Considero, haciendo parangón con lo dicho, que la campaña electoral que nos espera para las próximas elecciones debe ser igual. Si bien es cierto que podemos decir ciertos defectos de los candidatos contrarios, debe ser sin insultos ni agravios personales que hieran la dignidad de ninguno. Nuestro pueblo es un pueblo tranquilo, pacífico, poco amante de peleas intestinas y menos en política que es el peor campo para disgustar a unos contra otros. Si bien es cierto que en algunos temas, nos hace falta un poco de cultura, también es cierto que nuestra gente, en general, respeta a los demás y no está dispuesta a una guerra de palabras ofensivas entre los candidatos. Esto que escribo hoy no tiene nada que ver con que mi sobrino José Domingo Arias sea candidato oficialista porque, hasta ahora, no ha habido nada desagradable que decir del mismo. Sencillamente, si otro hubiera sido la persona indicada, hubiera escrito igual porque podríamos decir que fue la mejor campaña electoral de muchos años, haciendo relación con lo que dije del carnaval tableño.
Nuestros sentimientos como panameños nos llevan a sentir consideración por nuestros adversarios, no enemigos porque sería pensar muy feo. Falta casi un año para las próximas elecciones y la campaña será larga y tendida. Llegará el momento, quizás, en que no nos quede nada bueno que pensar y nada malo que decir. Será un periodo prolongado que, de no controlarnos, podemos perder los buenos hábitos y comenzar las ofensas personales que hieren y separan a la familia panameña.

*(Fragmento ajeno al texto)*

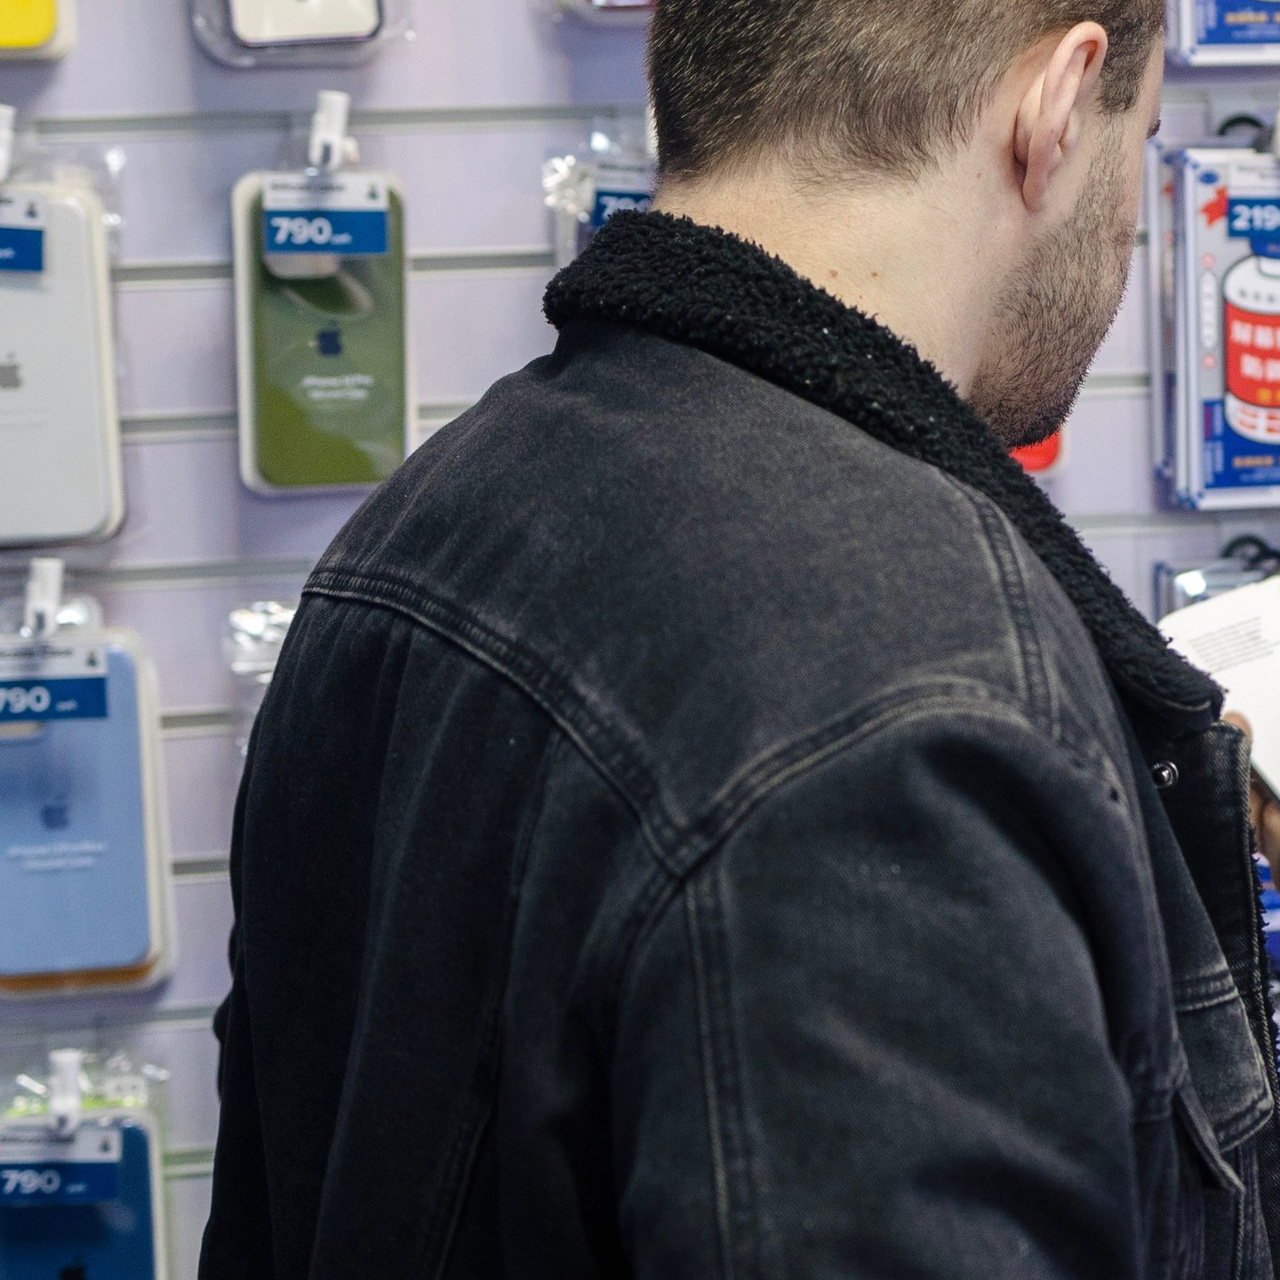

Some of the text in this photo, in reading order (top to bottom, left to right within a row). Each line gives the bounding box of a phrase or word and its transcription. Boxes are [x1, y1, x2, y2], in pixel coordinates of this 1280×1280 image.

Hace poco escribí sobre la división de clases sociales que crearon los militares y con esa división tenemos suficiente como para crear otra separación entre nosotros.
Desde niña ando en política y mi familia también y no recuerdo haber vivido ninguna campaña con ofensas personales, sino más bien, tranquilas y eso es lo que quisiera en la actual para dar el ejemplo a la juventud que, dicho sea de paso, muestra una gran indiferencia ante la política criolla y sería interesante que nuestros políticos y dirigentes hicieran un estudio para averiguar por qué sucede esto.
Nuestra juventud está más enfrascada en la tecnología moderna, en sus trabajos, en cómo ganar dinero que en pensar quién nos gobernará en 2014. Pienso que parte de esta actitud se debe a que algunos políticos actuales les falta algo de ética y moral en su comportamiento por lo que han perdido la consideración de los jóvenes.
No debe imperar la maldad en esta campaña política y deben tratarse, repito, como adversarios y no como enemigos. Si bien es cierto que no creo mucho en los pactos electorales porque en una u otra forma se violan y ofenden, considero que debe estar en cada persona observar sus actuaciones para que sean de altura y vayan de acuerdo a lo que somos los panameños. Debo reconocer que, hasta ahora, todo marcha correctamente y espero que se mantenga. Recordemos la campaña de 1968, la única no muy santa, que nos trajo una dictadura militar que duró 21 años de nuestras vidas y que no quisiera repetir para bien de todos. Creo que actualmente, ni los PRD la quieren y buscan la democracia. Ojalá miremos adelante y controlemos nuestro comportamiento en esta campaña política.